# New Owners Lots of Questions.



## cookieboots (Aug 8, 2011)

We got our Cookieboots from a friend who's job changed and didn't have the time to care for her. Her current house is a average sized guinea pig cage. We are using "Carefresh" as the bedding/floor/cover of the cage and she has a wooden critter house with a old T-shirt of mine. Now I know as with everything there are extremes...caring to much for your animal and being almost fanatical and also caring to little. We love our Cookieboots but can shoot to give her middle class digs/lifestyle. Her current cage is not large enough for her wheel so we give her 2hours in a tub a night with the wheel and a blanket and she seems to scoot for most of it. We are looking to upgrade her digs without taking up to much of our apartment or breaking our bank. I have scrolled though your examples of housing and my god all seem so much better then what she has. She is a little over a year old so I don't know if we can liter train her. I have been starring at this walmart shelving unit for some time and something about it screams "MAKE ME INTO A HEDGIE HOUSE". But for now I will ask for y'alls advice. I know we could simply buy a larger cage but we are trying to do a little better. I am average with tools so building her a cage if its a simple design wouldn't be hard but I would need direction and advice and perhaps schematics if possible. We are looking to perhaps make a collapsable pen area that we can set up each night for her to scoot in with her wheel and then in the morning place her back in her cage. OH one last thing (Sorry I'm all over the place she got thrust on us before we could do research) She has a drinking bottle similar to most rodents bottles...ie the hanging bottle with the little ball she has to nibble or move the ball to get water. Is this bad? I've seen a lot of dishes in your houses. If someone could just sorta give me the ins and outs of proper cage for hedgies as well as advice or help with getting her in a happy home that would be great. Thank you all so much.


----------



## Guest (Aug 23, 2011)

Anything wood related can harbor mites which can be bad news for your hedgehog I would switch to an igloo.

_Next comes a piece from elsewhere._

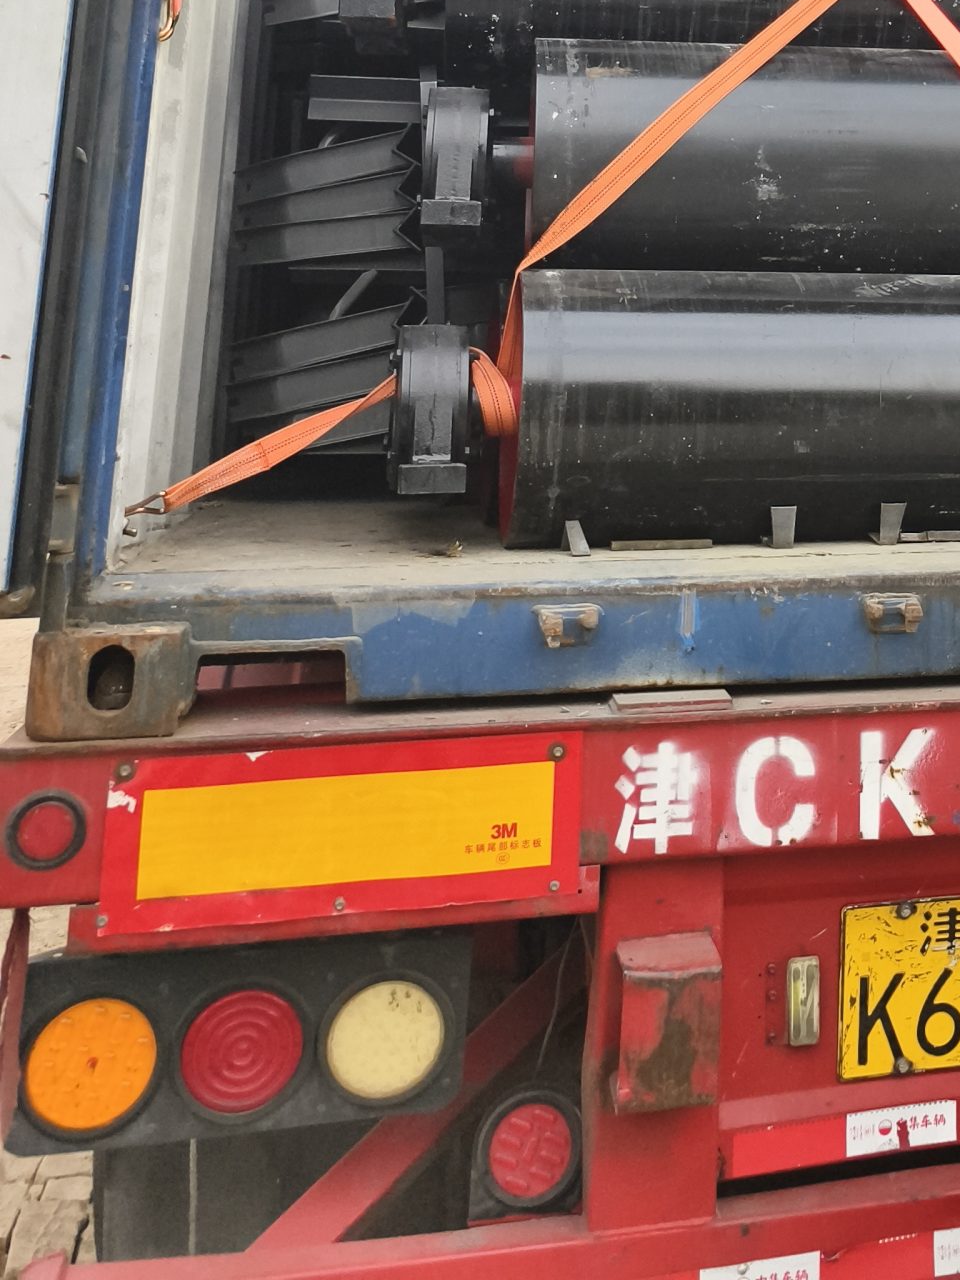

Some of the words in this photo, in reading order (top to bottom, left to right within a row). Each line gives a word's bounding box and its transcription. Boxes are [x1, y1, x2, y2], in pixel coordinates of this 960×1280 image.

[490, 822, 518, 840] 3M
[896, 1113, 946, 1131] 集车辆
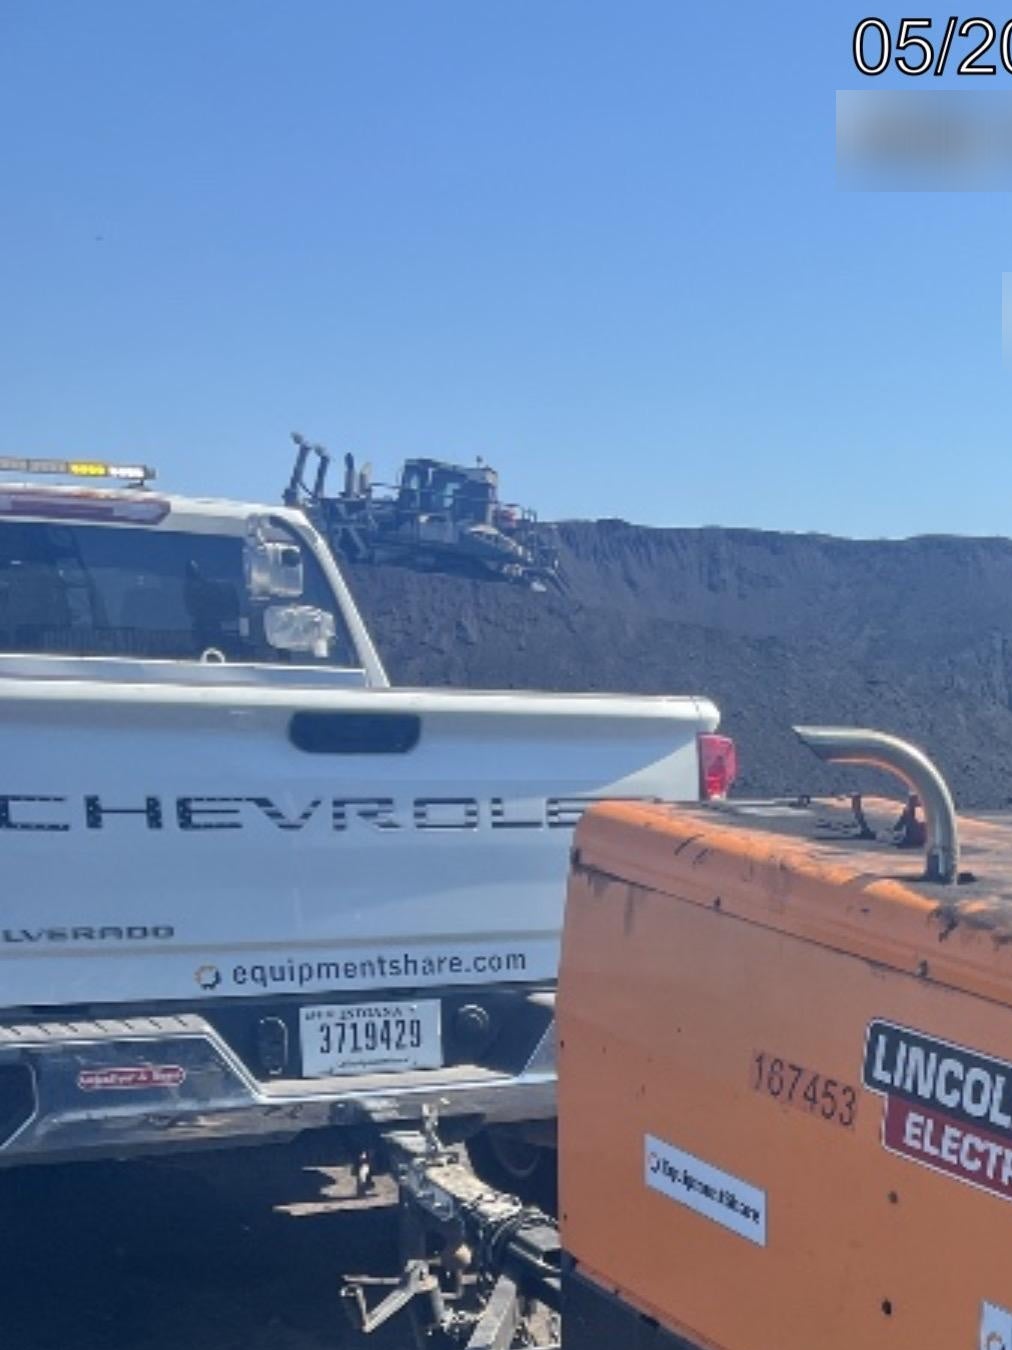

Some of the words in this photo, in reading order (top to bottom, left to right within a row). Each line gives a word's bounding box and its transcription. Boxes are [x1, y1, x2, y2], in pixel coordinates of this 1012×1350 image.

It concerns me and this is just my opinion that you're working so hard to get a playpen and letting her our into a wheel. The wheel should be freely available to a hedgehog whenever they choose some hedgehogs can run up to 5 to 10 miles in a given night and two hours is not enough time to do that.

A C & C Cage or a Pets Deluxe XL can hold a wheel in the cage for your hedgehog, plus they can escape a playpen and I wouldn't want you to be frantically searching for your hedgehog in the morning.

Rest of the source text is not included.